- _What is required_: Write out the data again exactly, skipping every picture.

- _Dataset records_:
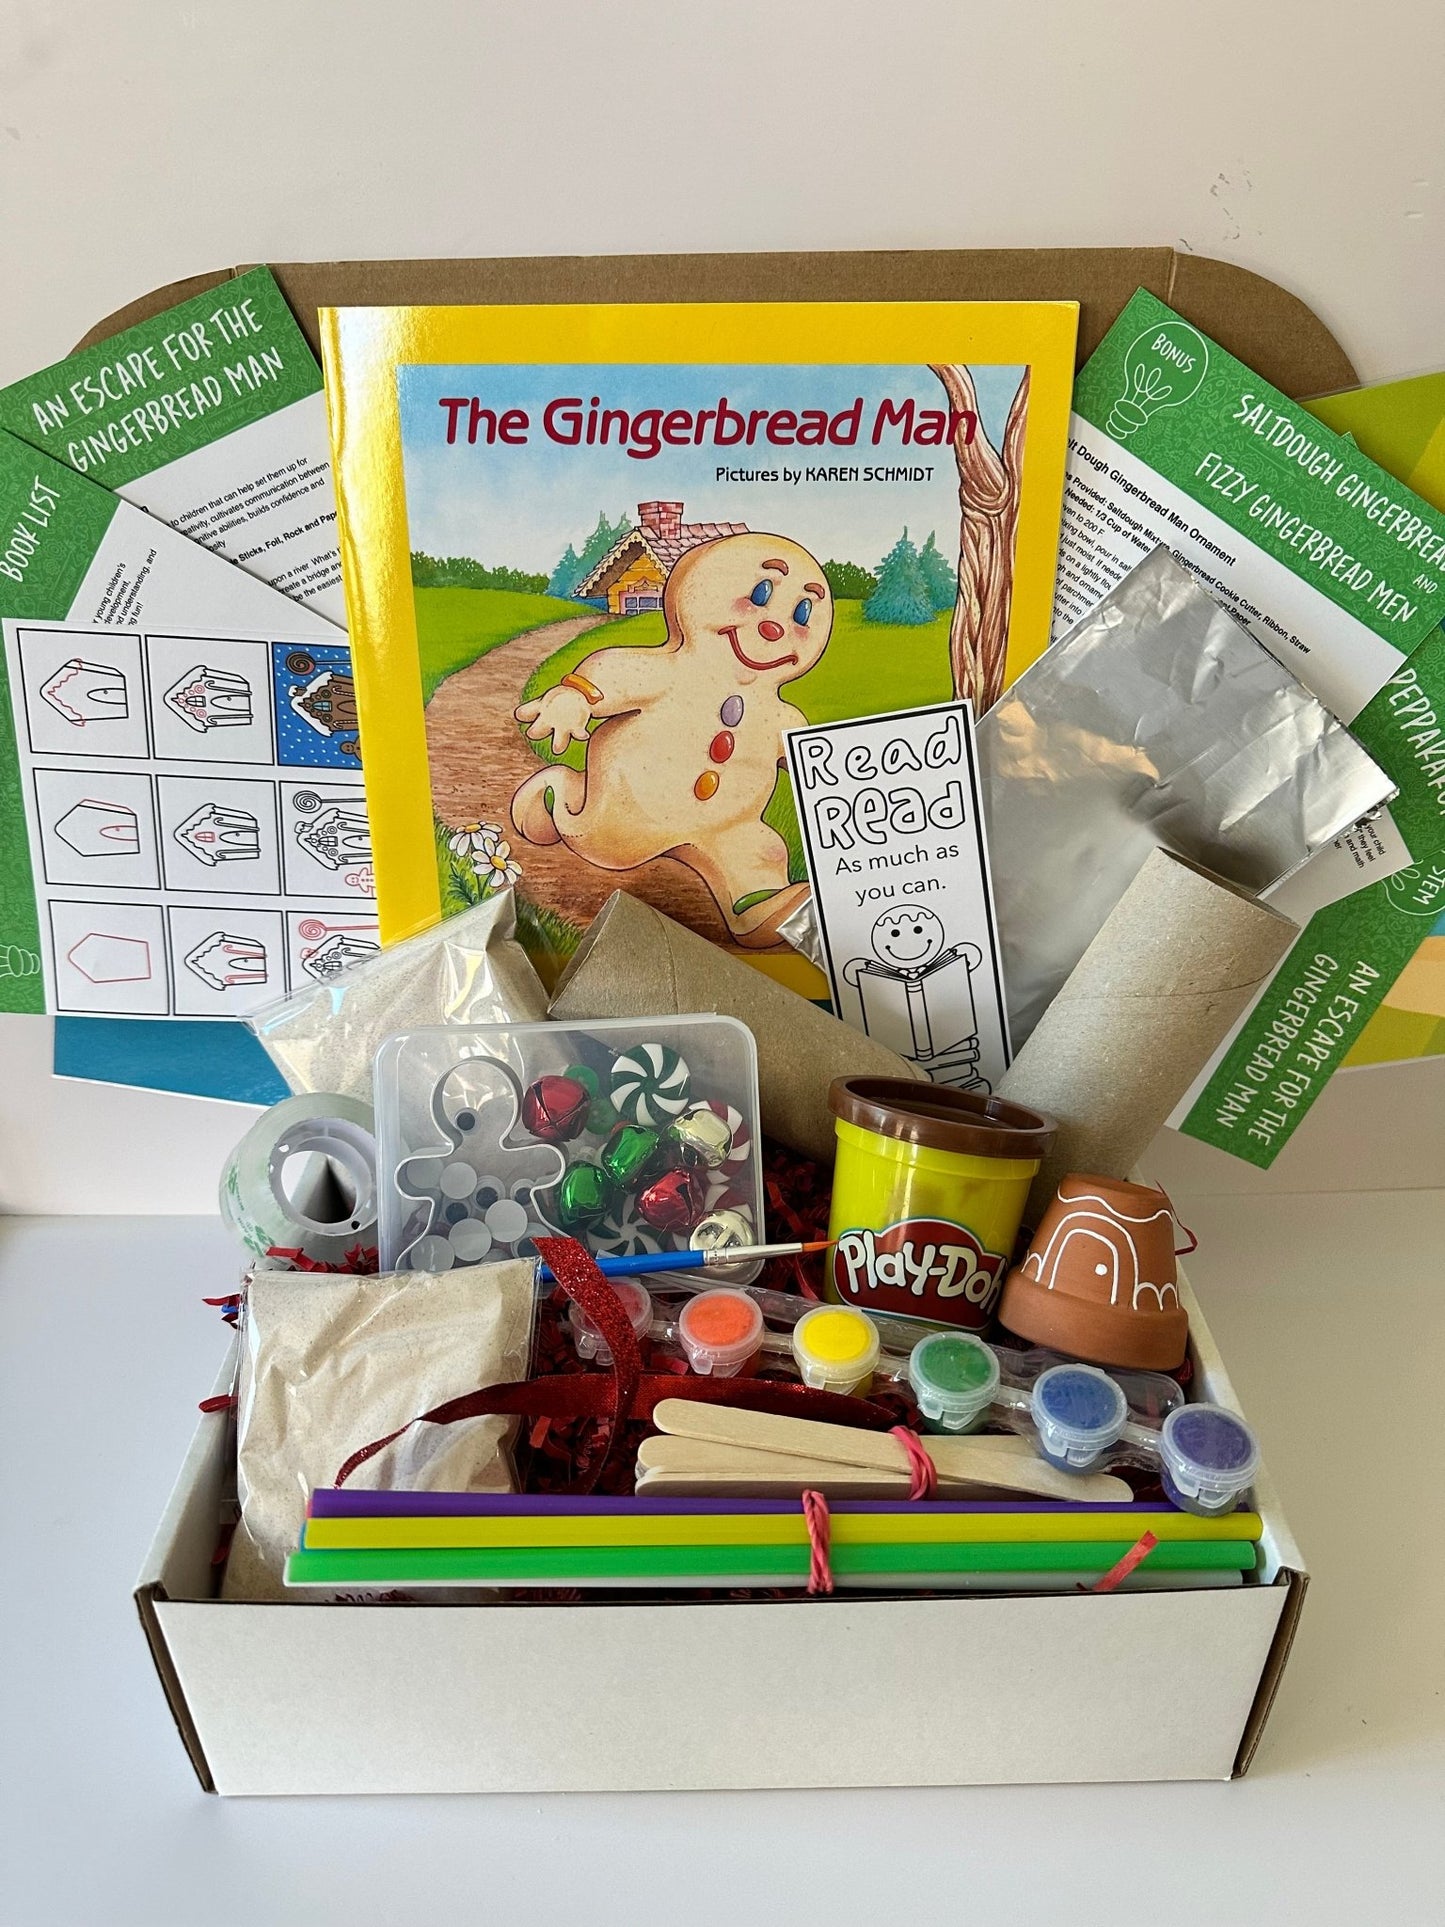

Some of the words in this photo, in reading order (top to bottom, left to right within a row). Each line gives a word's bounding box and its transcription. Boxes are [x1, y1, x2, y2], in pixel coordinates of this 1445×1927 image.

[32, 394, 70, 435] AN
[70, 346, 164, 414] ESCAPE
[162, 323, 213, 370] FOR
[209, 299, 263, 344] THE
[1151, 333, 1196, 373] BONUS
[68, 376, 222, 472] GINGERBREAD
[223, 346, 284, 396] MAN
[439, 397, 529, 445] The
[542, 397, 864, 459] Gingerbread
[871, 398, 977, 446] Man
[1233, 394, 1344, 485] SALTDOUGH
[180, 505, 209, 523] children
[208, 497, 224, 509] that
[223, 491, 238, 502] can
[237, 483, 255, 495] help
[255, 476, 267, 487] set
[266, 468, 287, 481] them
[286, 463, 297, 472] up
[296, 458, 308, 467] for
[210, 502, 244, 523] cultivates
[244, 477, 299, 507] communication
[297, 462, 330, 481] between
[715, 466, 779, 483] Pictures
[782, 466, 802, 485] by
[805, 467, 860, 482] KAREN
[863, 466, 935, 482] SCHMIDT
[218, 516, 249, 534] abilities,
[247, 504, 270, 519] builds
[270, 485, 310, 509] confidence
[310, 477, 325, 490] and
[1064, 488, 1095, 513] Needed:
[1095, 509, 1107, 521] 1/3
[1106, 518, 1122, 533] Cup
[1121, 530, 1130, 539] of
[1076, 445, 1109, 474] Dough
[1110, 469, 1169, 518] Gingerbread
[1168, 511, 1189, 532] Man
[1189, 528, 1237, 567] Ornament
[1076, 514, 1084, 523] to
[1083, 519, 1098, 533] 200
[0, 522, 40, 583] BOOK
[22, 475, 61, 528] LIST
[238, 546, 266, 562] Sticks,
[265, 537, 284, 550] Foil,
[282, 527, 305, 541] Rock
[304, 518, 320, 531] and
[1077, 530, 1096, 549] bowl,
[1095, 544, 1112, 561] pour
[1111, 554, 1119, 564] in
[1195, 452, 1259, 504] FIZZY
[1249, 494, 1373, 591] GINGERBREAD
[1367, 580, 1418, 623] MEN
[268, 573, 287, 587] upon
[311, 549, 337, 566] What's
[1061, 534, 1079, 549] just
[1095, 558, 1103, 567] If
[1065, 554, 1077, 565] on
[1081, 564, 1101, 583] lightly
[1072, 477, 1108, 506] Provided:
[1107, 502, 1144, 532] Saltdough
[1172, 549, 1215, 585] Gingerbread
[1215, 581, 1240, 603] Cookie
[1239, 599, 1262, 621] Cutter,
[1262, 615, 1289, 641] Ribbon,
[1289, 635, 1311, 654] Straw
[95, 596, 111, 620] young
[106, 563, 126, 597] children's
[121, 566, 151, 616] understanding,
[146, 548, 157, 564] and
[303, 586, 317, 597] the
[317, 575, 343, 591] easiest
[307, 566, 330, 582] bridge
[1065, 570, 1080, 582] and
[1412, 573, 1438, 593] AND
[132, 602, 144, 617] fun!
[1062, 614, 1075, 625] the
[1068, 602, 1083, 615] into
[798, 715, 961, 789] Read
[835, 856, 862, 876] As
[868, 843, 929, 870] much
[936, 843, 960, 860] as
[1346, 838, 1357, 852] and
[1352, 850, 1366, 869] math
[1358, 834, 1368, 850] they
[1365, 847, 1376, 862] feel
[1373, 840, 1386, 855] child
[855, 885, 895, 907] you
[902, 876, 946, 895] can.
[1349, 960, 1380, 995] AN
[1245, 953, 1339, 1082] GINGERBREAD
[1296, 995, 1360, 1072] ESCAPE
[1216, 1082, 1259, 1129] MAN
[1271, 1068, 1312, 1109] FOR
[1247, 1109, 1287, 1146] THE
[838, 1230, 1007, 1316] Play-Doh
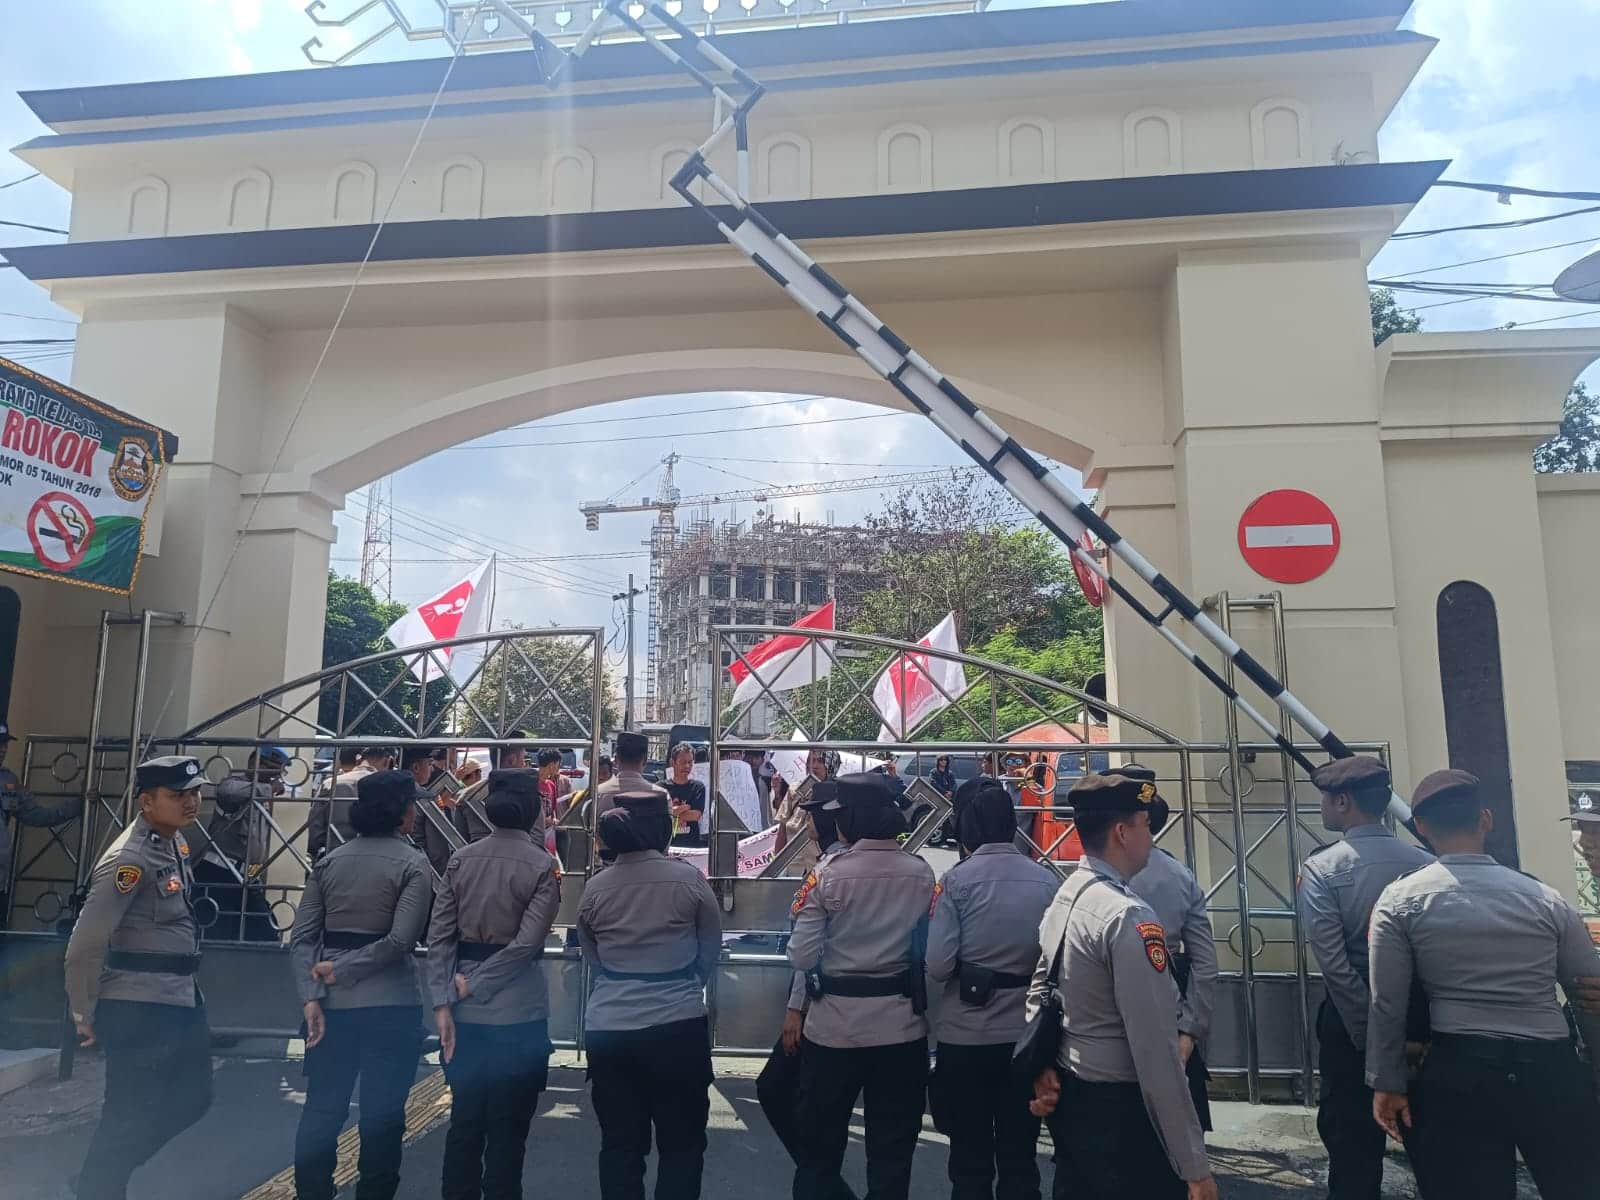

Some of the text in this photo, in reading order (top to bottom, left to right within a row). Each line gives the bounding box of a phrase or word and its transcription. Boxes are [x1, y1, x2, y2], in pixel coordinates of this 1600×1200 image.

[1, 407, 100, 477] ROKOK
[26, 464, 39, 478] 05
[41, 468, 74, 490] TAHUN

- _Answer section_:
Some of the words in this photo, in reading order (top to bottom, left to right within a row). Each line gives a word's bounding box and its transcription. Boxes are [x1, y1, x2, y2], in pixel coordinates of this 1445×1927 image.

[32, 394, 70, 435] AN
[70, 346, 164, 414] ESCAPE
[162, 323, 213, 370] FOR
[209, 299, 263, 344] THE
[1151, 333, 1196, 373] BONUS
[68, 376, 222, 472] GINGERBREAD
[223, 346, 284, 396] MAN
[439, 397, 529, 445] The
[542, 397, 864, 459] Gingerbread
[871, 398, 977, 446] Man
[1233, 394, 1344, 485] SALTDOUGH
[180, 505, 209, 523] children
[208, 497, 224, 509] that
[223, 491, 238, 502] can
[237, 483, 255, 495] help
[255, 476, 267, 487] set
[266, 468, 287, 481] them
[286, 463, 297, 472] up
[296, 458, 308, 467] for
[210, 502, 244, 523] cultivates
[244, 477, 299, 507] communication
[297, 462, 330, 481] between
[715, 466, 779, 483] Pictures
[782, 466, 802, 485] by
[805, 467, 860, 482] KAREN
[863, 466, 935, 482] SCHMIDT
[218, 516, 249, 534] abilities,
[247, 504, 270, 519] builds
[270, 485, 310, 509] confidence
[310, 477, 325, 490] and
[1064, 488, 1095, 513] Needed:
[1095, 509, 1107, 521] 1/3
[1106, 518, 1122, 533] Cup
[1121, 530, 1130, 539] of
[1076, 445, 1109, 474] Dough
[1110, 469, 1169, 518] Gingerbread
[1168, 511, 1189, 532] Man
[1189, 528, 1237, 567] Ornament
[1076, 514, 1084, 523] to
[1083, 519, 1098, 533] 200
[0, 522, 40, 583] BOOK
[22, 475, 61, 528] LIST
[238, 546, 266, 562] Sticks,
[265, 537, 284, 550] Foil,
[282, 527, 305, 541] Rock
[304, 518, 320, 531] and
[1077, 530, 1096, 549] bowl,
[1095, 544, 1112, 561] pour
[1111, 554, 1119, 564] in
[1195, 452, 1259, 504] FIZZY
[1249, 494, 1373, 591] GINGERBREAD
[1367, 580, 1418, 623] MEN
[268, 573, 287, 587] upon
[311, 549, 337, 566] What's
[1061, 534, 1079, 549] just
[1095, 558, 1103, 567] If
[1065, 554, 1077, 565] on
[1081, 564, 1101, 583] lightly
[1072, 477, 1108, 506] Provided:
[1107, 502, 1144, 532] Saltdough
[1172, 549, 1215, 585] Gingerbread
[1215, 581, 1240, 603] Cookie
[1239, 599, 1262, 621] Cutter,
[1262, 615, 1289, 641] Ribbon,
[1289, 635, 1311, 654] Straw
[95, 596, 111, 620] young
[106, 563, 126, 597] children's
[121, 566, 151, 616] understanding,
[146, 548, 157, 564] and
[303, 586, 317, 597] the
[317, 575, 343, 591] easiest
[307, 566, 330, 582] bridge
[1065, 570, 1080, 582] and
[1412, 573, 1438, 593] AND
[132, 602, 144, 617] fun!
[1062, 614, 1075, 625] the
[1068, 602, 1083, 615] into
[798, 715, 961, 789] Read
[835, 856, 862, 876] As
[868, 843, 929, 870] much
[936, 843, 960, 860] as
[1346, 838, 1357, 852] and
[1352, 850, 1366, 869] math
[1358, 834, 1368, 850] they
[1365, 847, 1376, 862] feel
[1373, 840, 1386, 855] child
[855, 885, 895, 907] you
[902, 876, 946, 895] can.
[1349, 960, 1380, 995] AN
[1245, 953, 1339, 1082] GINGERBREAD
[1296, 995, 1360, 1072] ESCAPE
[1216, 1082, 1259, 1129] MAN
[1271, 1068, 1312, 1109] FOR
[1247, 1109, 1287, 1146] THE
[838, 1230, 1007, 1316] Play-Doh

Some of the text in this photo, in reading order (top to bottom, left to right within a row). Each line gives the bounding box of a phrase or word and its transcription. Boxes are [x1, y1, x2, y2], in pixel coordinates of this 1600×1200 image.

[1, 407, 100, 477] ROKOK
[26, 464, 39, 478] 05
[41, 468, 74, 490] TAHUN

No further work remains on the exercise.